Preparing Raw MNIST Data for use by a Keras Program

(Note: this blog post is closely related to an earlier post, “Preparing MNIST Data for use by a CNTK Program”)

The MNIST (“modified National Institute of Standards and Technology”) image dataset is often used to demonstrate image classification. The dataset has 60,000 images for training a model, and 10,000 images for evaluating a trained model.

Each image is 28 pixels wide by 28 pixels high which is 784 pixels. Each image represents a single handwritten digit of a ‘0’ through ‘9’. Somewhat weirdly, the 60,000 training data items are stored in two files: one file contains the pixel values and the second file contains the associated label (‘0’ to ‘9’) values. The test data is also stored in two files.

I wrote a utility program to read the resulting data file and display a specified image

Additionally, each of the four files is stored in a proprietary binary format, using big endian format rather than little endian which is used by Intel based machines. And to top it off, the four files are compressed as .gz files which can’t be unzipped by default by a Windows based machine. In short, getting MNIST data into a useable form is not trivial.
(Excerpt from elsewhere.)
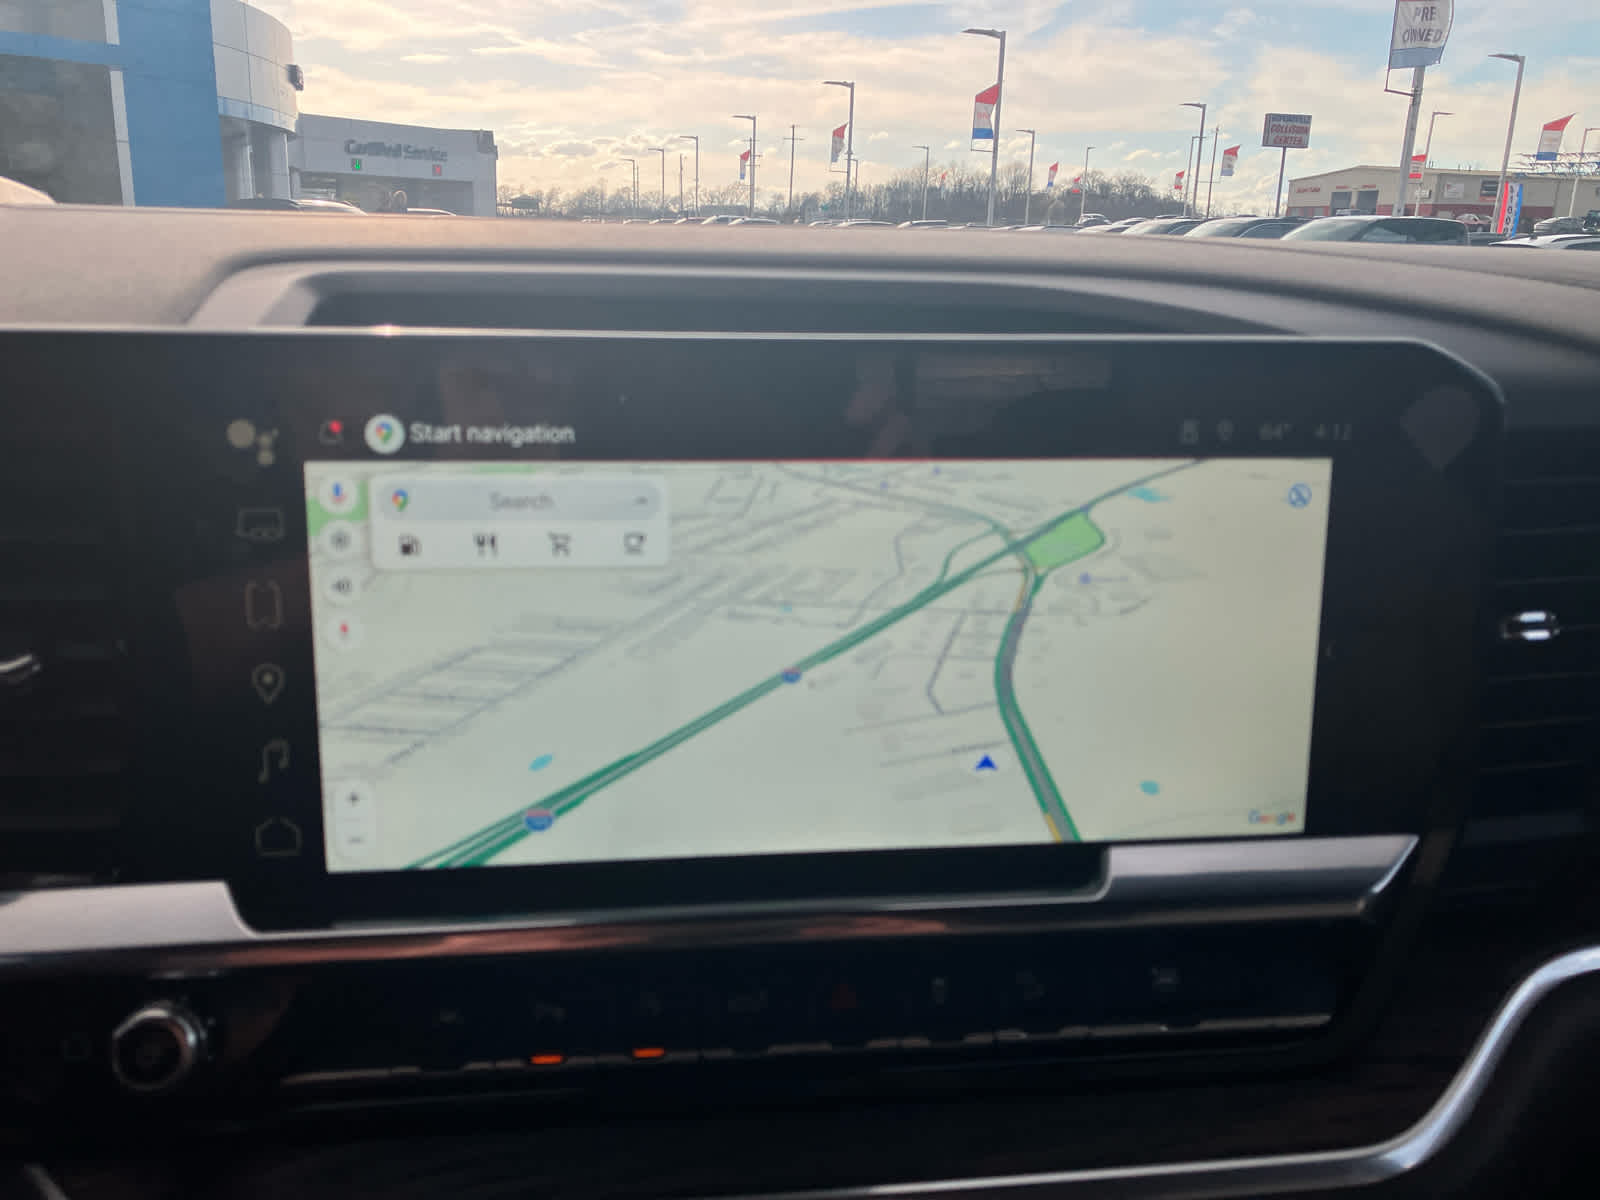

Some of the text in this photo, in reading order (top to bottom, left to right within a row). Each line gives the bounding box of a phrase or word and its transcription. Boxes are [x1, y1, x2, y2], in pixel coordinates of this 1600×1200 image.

[1414, 6, 1437, 21] PRE
[1402, 27, 1443, 43] OWNED
[409, 420, 577, 449] Start navigation
[489, 490, 555, 512] Search
Step 1: Go to the MNIST storage site at http://yann.lecun.com/exdb/mnist/ and download to your machine into a directory named ZippedBinary these four files:

train-images-idx3-ubyte.gz (60,000 train images) 
train-labels-idx1-ubyte.gz (60,000 train labels) 
t10k-images-idx3-ubyte.gz  (10,000 test images) 
t10k-labels-idx1-ubyte.gz  (10,000 test labels)
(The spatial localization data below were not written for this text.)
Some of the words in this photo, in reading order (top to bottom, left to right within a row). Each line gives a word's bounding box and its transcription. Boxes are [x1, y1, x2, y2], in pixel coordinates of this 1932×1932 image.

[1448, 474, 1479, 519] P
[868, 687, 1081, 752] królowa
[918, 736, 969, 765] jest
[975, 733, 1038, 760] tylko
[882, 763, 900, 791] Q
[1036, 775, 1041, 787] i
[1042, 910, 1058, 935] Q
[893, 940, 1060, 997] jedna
Step 2: Unzip the four files into a directory named UnzippedBinary. To unzip the files you’ll need a utility program. I strongly recommend the free 7-Zip at https://www.7-zip.org/. After unzipping, I recommend adding a “.bin” file extension to each name to remind you the files are in a proprietary binary format. So you should now have:

train-images-idx3-ubyte.bin
train-labels-idx1-ubyte.bin
t10k-images-idx3-ubyte.bin 
t10k-labels-idx1-ubyte.bin

Step 3: Suppose the desired format of a data file containing the images is:

0 0 0 0 0 1 0 0 0 0 * 0 .. 170 52 .. 0
0 0 1 0 0 0 0 0 0 0 * 0 .. 254 66 .. 0
. . .

Each line is one image. The first 10 value are the digit/label information in one-hot encoded form, where the position of the 1 bit indicates the digit. So the two images above are ‘5’ and ‘2’. There is a dummy ‘*’ character in column [10] which is just for readability. The next 784 values are the pixels for the image, where each is between 0 and 255. Here’s a program to create training or test files in this format, with a specified number of images:

# converter_keras.py

def generate(img_bin_file, lbl_bin_file,
            result_file, n_images):

  img_bf = open(img_bin_file, "rb")    # pixels
  lbl_bf = open(lbl_bin_file, "rb")    # labels
  res_tf = open(result_file, "w")      # result file

  img_bf.read(16)   # discard image header info
  lbl_bf.read(8)    # discard label header info

  for i in range(n_images):   # number images requested 
    # digit label first
    lbl = ord(lbl_bf.read(1))  # get label like '3'
    encoded = [0] * 10         # make one-hot vector
    encoded[lbl] = 1
    for i in range(10):
      res_tf.write(str(encoded[i]))
      res_tf.write(" ")  # like 0 0 0 1 0 0 0 0 0 0 

    res_tf.write("* ")  # arbitrary separator char

    # now do the image pixels
    for j in range(784):  # get 784 vals for each image
      val = ord(img_bf.read(1))
      res_tf.write(str(val))
      if j != 783: res_tf.write(" ")  # avoid trail space 
    res_tf.write("\n")  # next image

  img_bf.close(); lbl_bf.close();  # close the binary files
  res_tf.close()                   # close the result file

# ==========================================================

def main():
  generate(".\\UnzippedBinary\\train-images.idx3-ubyte.bin",
          ".\\UnzippedBinary\\train-labels.idx1-ubyte.bin",
          ".\\mnist_train_keras_3.txt",
          n_images = 3)  # first n images

if __name__ == "__main__":
  main()

Executing this program would generate a file named mnist_train_keras_3.txt with 3 images in the format described above. You could change the three file names and rerun to make a file of test data.

In most situations, you could now read the labels and pixels into two different matrices, because that’s what Keras will need:

y_data = np.loadtxt(the_file, delimiter = " ",
  usecols=range(0,10), dtype=np.float32)
x_data = np.loadtxt(the_file, delimiter = " ",
  usecols=range(11,795), dtype=np.float32)

When doing machine learning, getting your data ready is almost always the most time-consuming, annoying, and difficult part of the project.